In the past, most hydrologic frequency analyses were analyzed through the use of univariate distributions. Using an assumed probability distribution to estimate the frequency analysis of a hydrologic event, one can compute the statistics for various magnitudes, which can then be used for the planning, design, and management of water resource systems.

Research on the univariate flood frequency analysis has been reviewed by Bobée & Rasmussen (1995), Rao & Hamed (1999), Singh & Strupczewski (2002), and Vittal *et al.* (2015). Singh & Strupczewski (2002) classified frequency analysis methods into four groups: (1) empirical, (2) phenomenological, (3) dynamic, and (4) stochastic watershed in conjunction with Monte-Carlo simulation. In addition, the suggested distributions for fitting hydrological data and a number of parameter estimation methods were summarized by Rao & Hamed (1999). Two popular methods for regional frequency analysis are the index FFA (Flood Frequency Analysis) and regression analysis (Singh & Strupczewski 2002).

Some studies on annual maximum flow frequency analysis show that the empirical probability plot often displays two or more distinct segments. Using a single probability distribution smooth function to fit all the segments may produce a compromised curve and may lead to serious flood estimation errors for large return periods. In most cases, the observed data of the smaller censored flows have no influence on the fitting of the flood frequency curve. If the smaller flows produce some (very marginal) influence, the final fitting still depends very heavily on the larger flows. Wang (1990a, 1990b, 1996a, 1996b, 1997a, 1997b) proposed using partial probability weighted moments and higher probability weighted moments to estimate flood distribution and presents the potential merits of this method.
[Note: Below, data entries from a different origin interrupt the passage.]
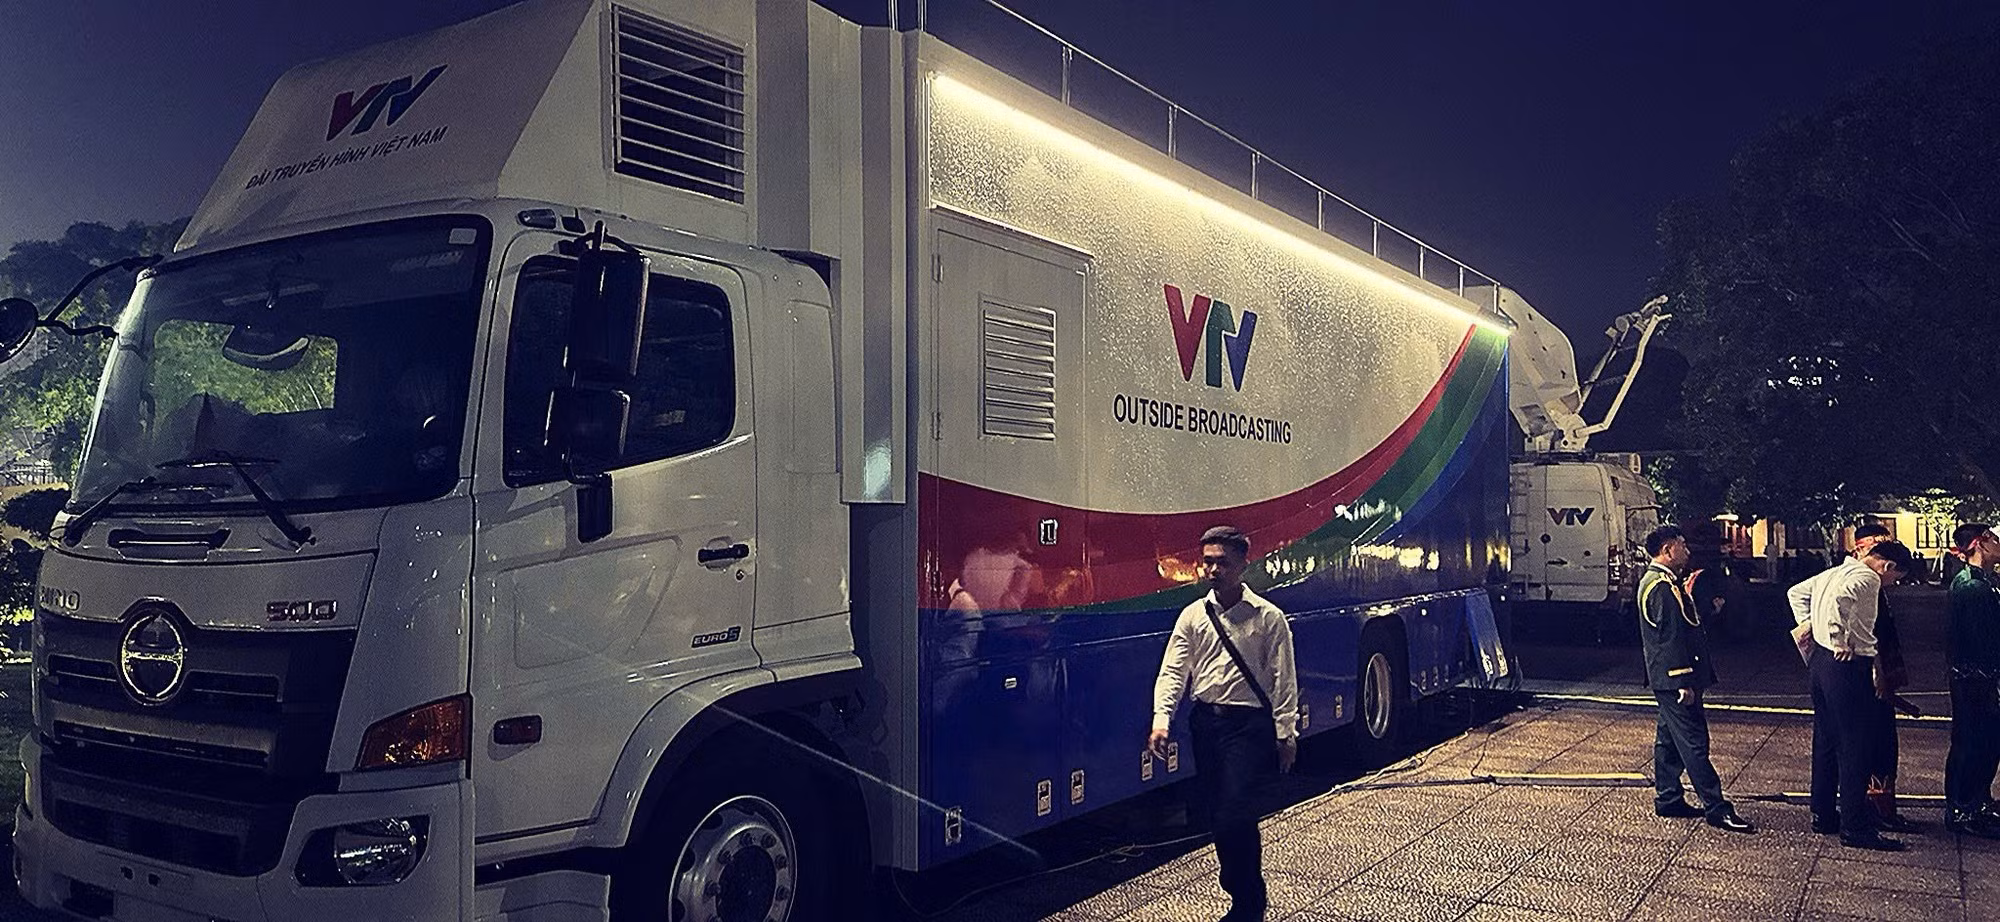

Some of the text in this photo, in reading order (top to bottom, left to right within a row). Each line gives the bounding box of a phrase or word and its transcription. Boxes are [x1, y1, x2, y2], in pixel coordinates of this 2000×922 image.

[326, 64, 448, 141] VTV
[370, 135, 409, 158] VIỆT
[407, 125, 448, 149] NAM
[1164, 283, 1258, 392] VTV
[1113, 394, 1292, 444] OUTSIDE BROADCASTING
[1547, 508, 1595, 526] VTV
[266, 600, 338, 622] 500
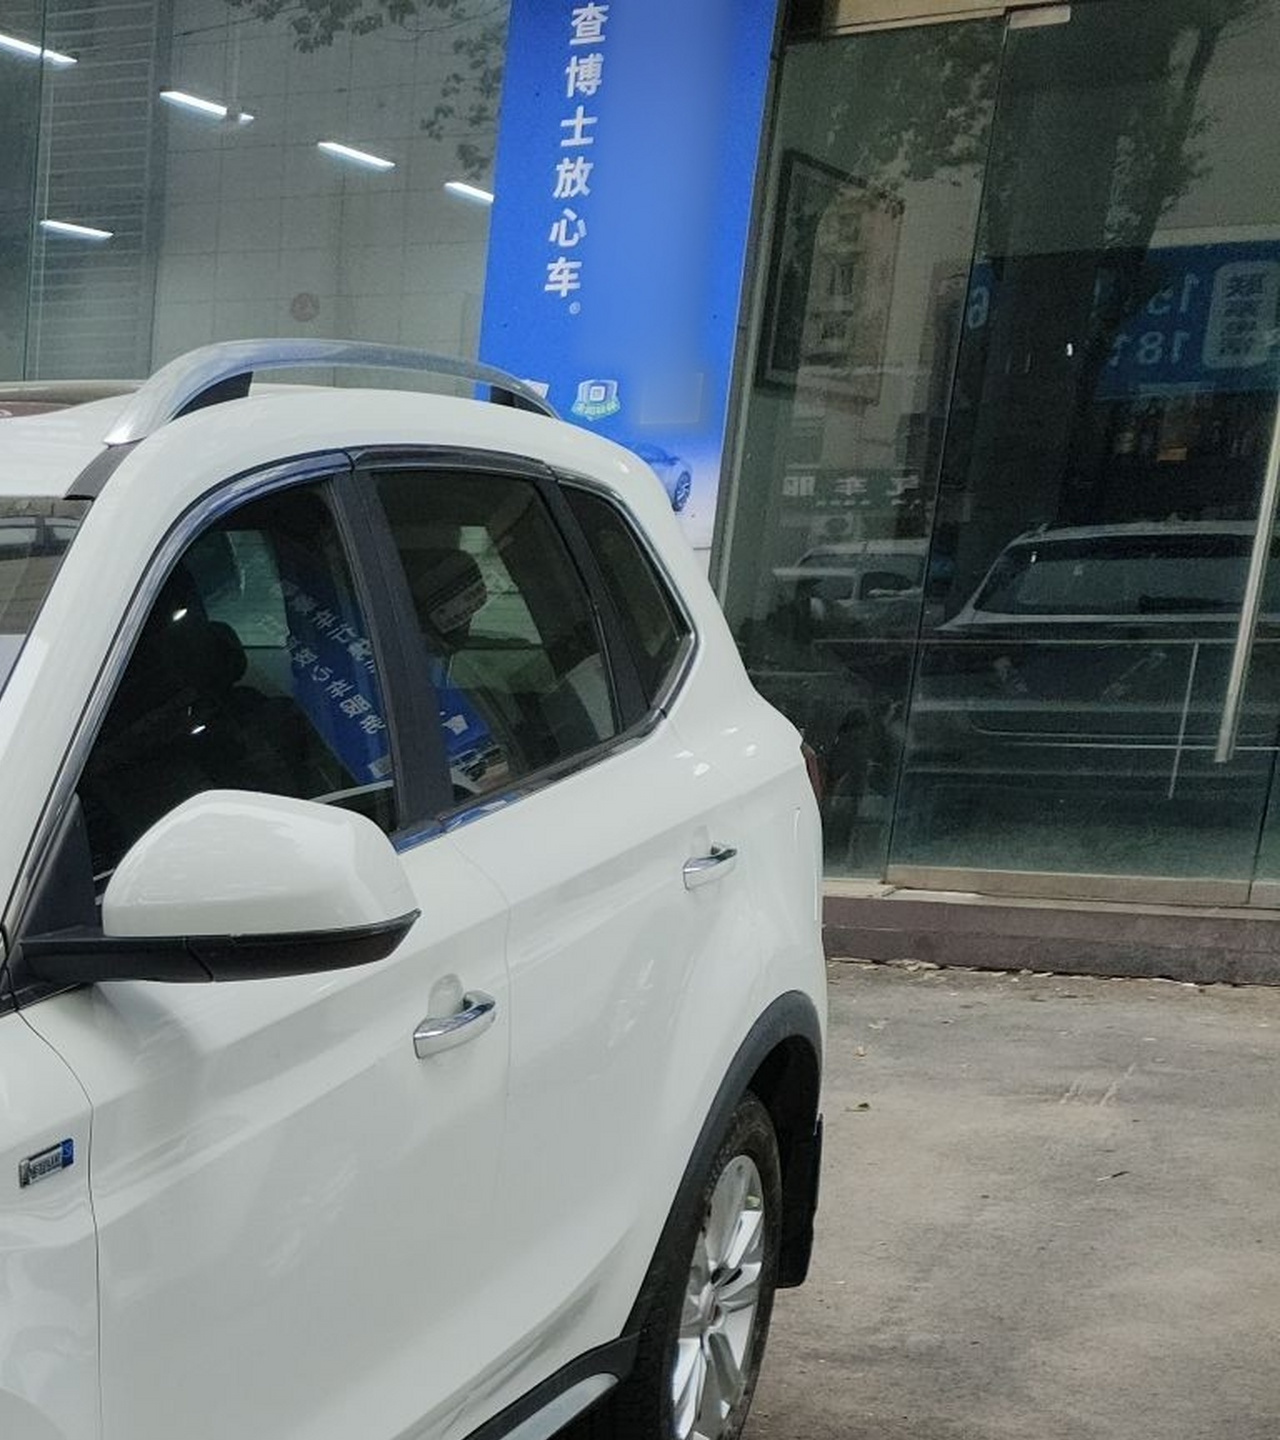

Recently, a vast amount of research has been dedicated to investigating frequency analysis under conditions of climate change, land use change and river regulation, acting individually or together (Strupczewski & Kaczmarek 2001; Strupczewski *et al.* 2001; Cunderlik & Burn 2003; Khaliq *et al.* 2006; Leclerc & Ouarda 2007; Villarini *et al.* 2009, 2010; Gilroy & McCuen 2012; Salas & Obeysekera 2014; Zeng *et al.* 2014; Li & Tan 2015; Vasiliades *et al.* 2015; Xiong *et al.* 2015).

The above-mentioned studies still require data over a sufficiently long period to obtain sound hydrological designs based on statistical analysis. However, measuring and monitoring hydrologic events involves high costs, and the global hydrological gauge network is still unevenly distributed, with most measuring stations located in a few developed countries and regions and particularly poor gauge coverage in developing countries. The station density is relatively low in developing countries, and the length of the hydrological data is limited, resulting in critical data gaps or representativeness problems. As a result of various natural conditions and human activities, such as destruction and migration of stations, construction of water resource projects, and river regulation, these deficiencies have been exacerbated over recent decades. Inadequate data lengths can produce large uncertainties in hydrological design estimates (Chowdhary & Singh 2010). Even when employing new parameter estimation techniques, such as partial probability weighted moments and higher probability weighted moments, it is difficult to improve the estimation accuracy for shorter data sequences.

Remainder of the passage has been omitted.